Fresenius, Heidi L; Winter, Jake; Rutter, Jared; Wohlever, Matthew L
description
Evasion of apoptosis is a hallmark of cancer and reactivation of apoptosis is a promising strategy for cancer therapy. Key regulators of apoptosis include the BCL2 family of tail anchored membrane proteins. While there have been significant studies on how BCL2 family proteins are targeted to the outer mitochondrial membrane (OMM), the removal of these proteins from the OMM remains understudied. ATAD1 is a recently discovered AAA+ ATPase that maintains mitochondrial proteostasis by removing tail anchored proteins from the OMM. Here, we report the discovery of ATAD1 as a new negative apoptotic regulator that modulates the mitochondrial concentration of BCL2 family proteins.
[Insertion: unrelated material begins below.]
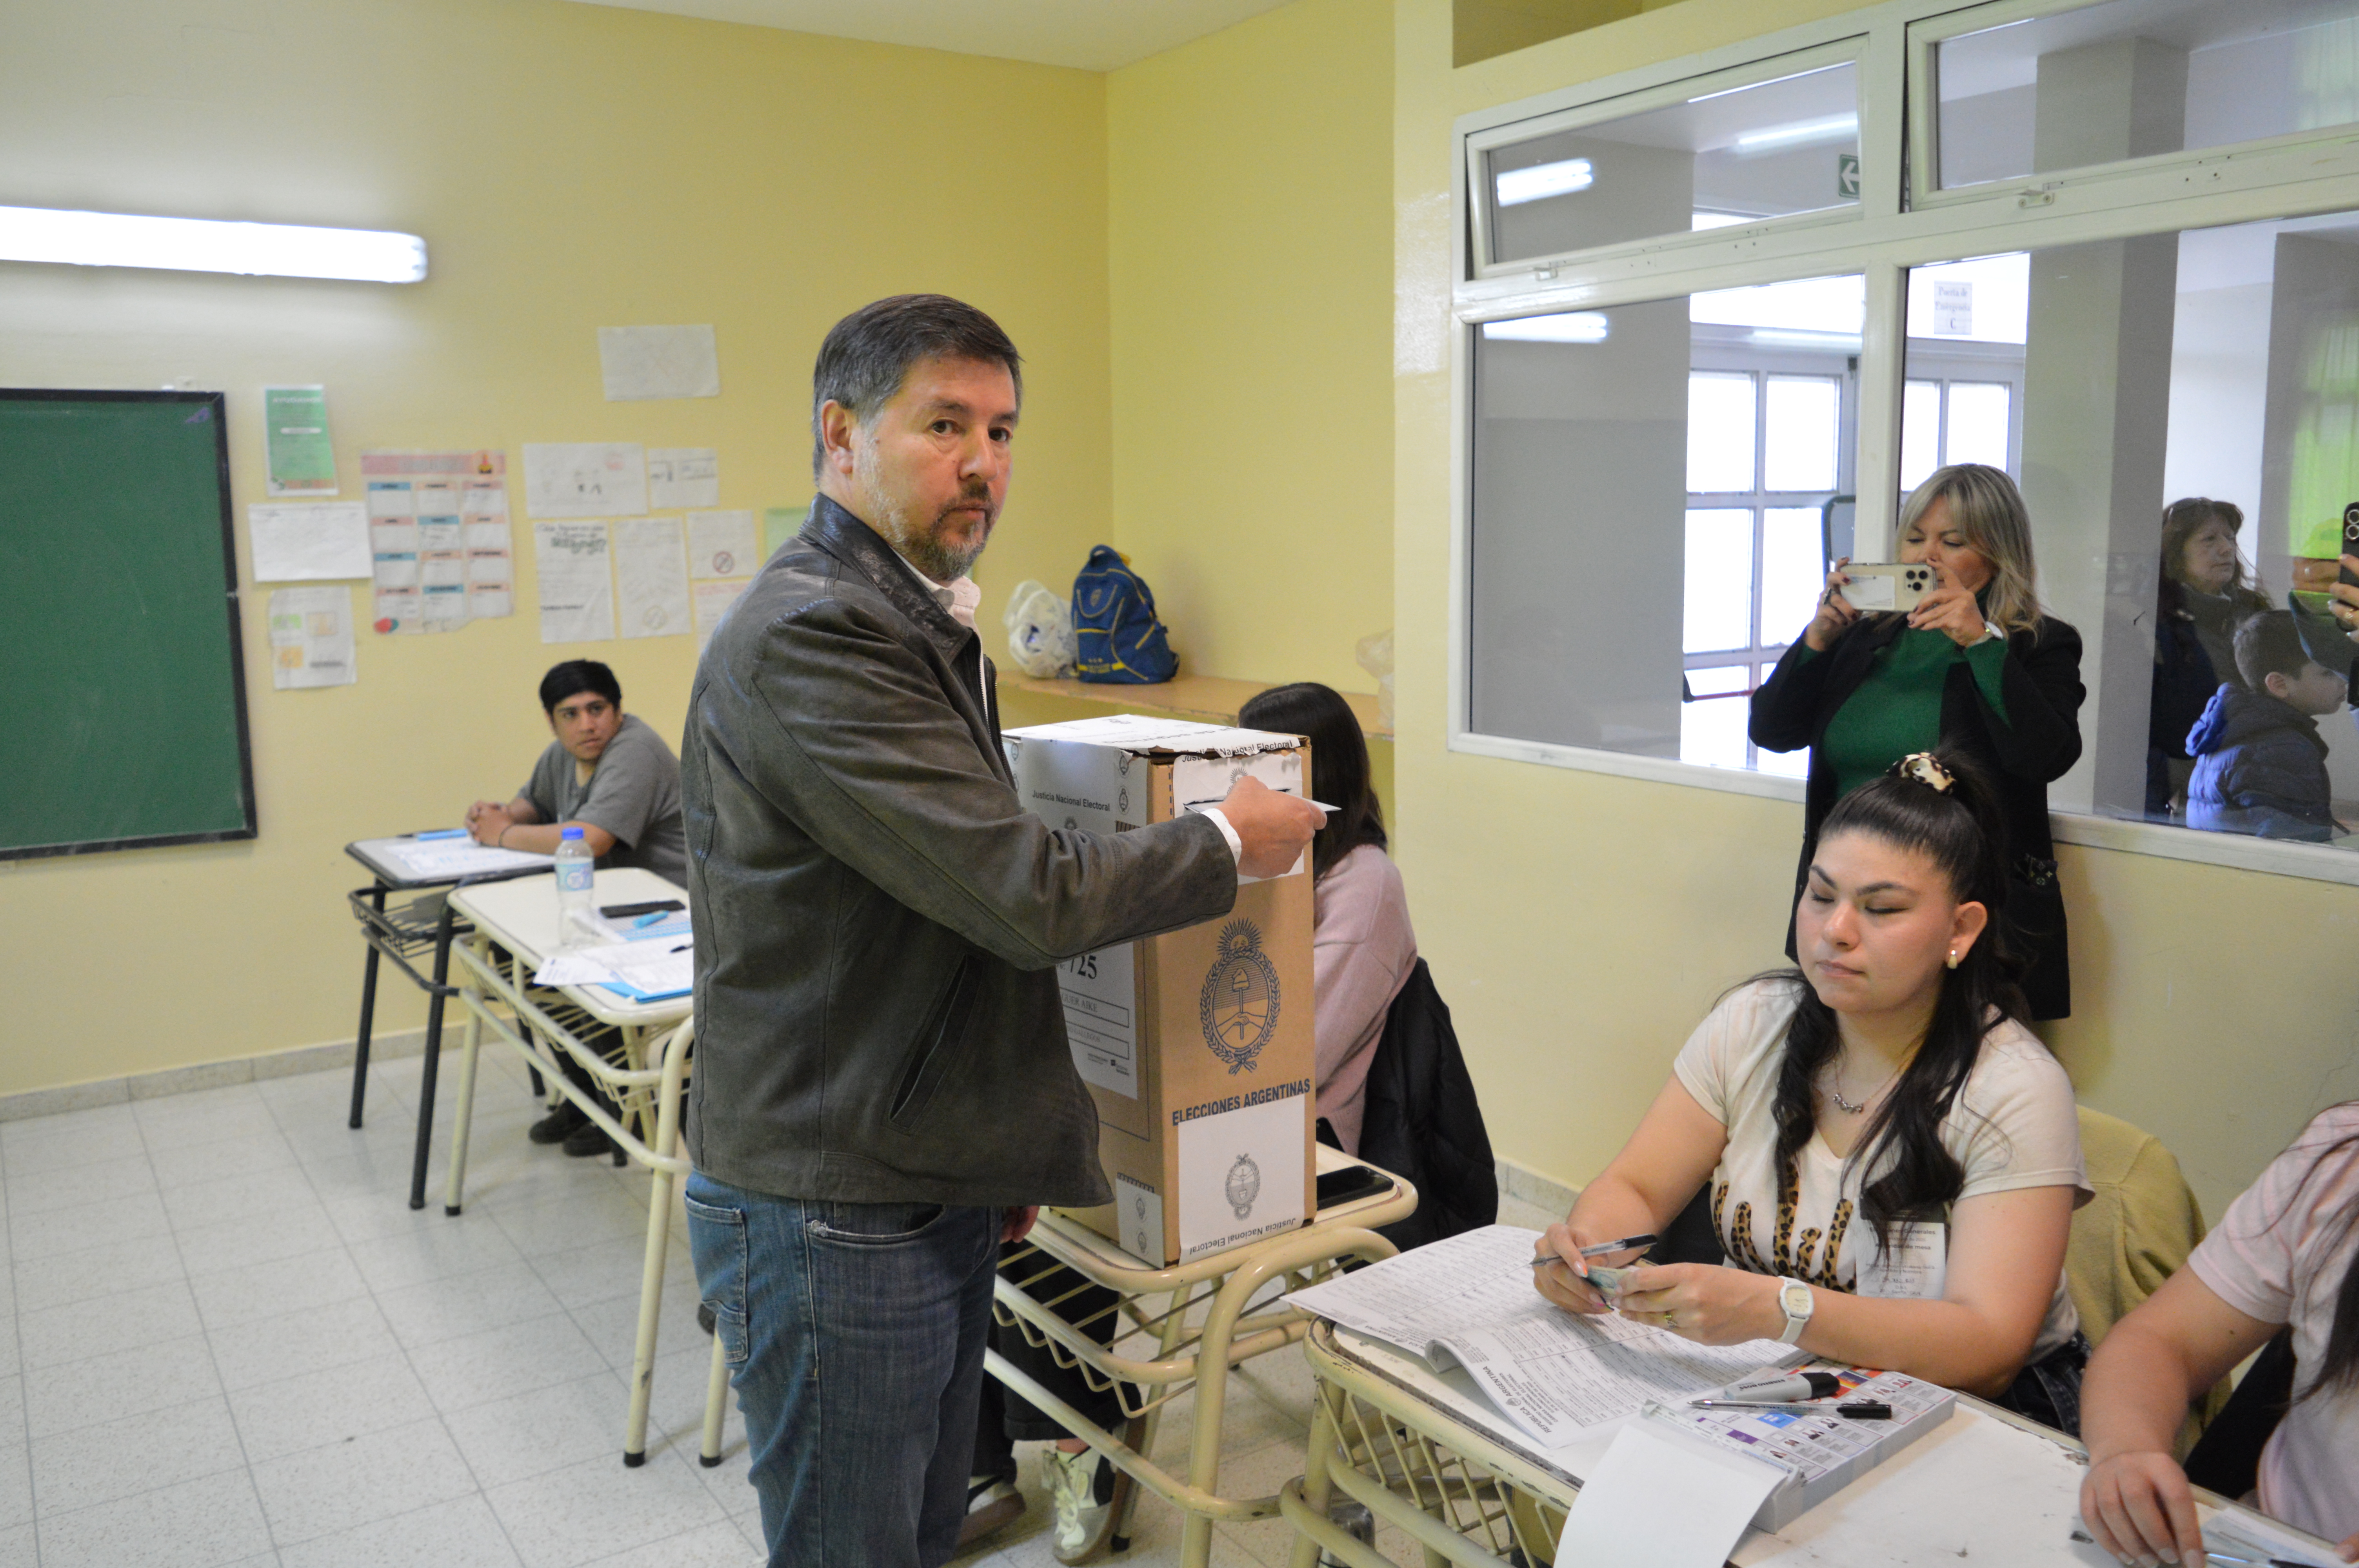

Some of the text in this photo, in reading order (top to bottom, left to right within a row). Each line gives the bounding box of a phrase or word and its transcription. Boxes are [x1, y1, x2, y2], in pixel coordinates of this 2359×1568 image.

Using a combination of in vitro reconstitution and cell biology experiments, we demonstrate that ATAD1 directly removes the pro-apoptotic protein BIM from the OMM. Loss of ATAD1 leads to accumulation of BIM on the OMM and renders cancer cells sensitive to proteotoxic stress. ATAD1 is only 40 kb away from the potent tumor suppressor gene PTEN and is co-deleted with PTEN in many cancers. Thus, ATAD1 null cancer cells have a pro-apoptotic vulnerability which can potentially be exploited in cancer treatment.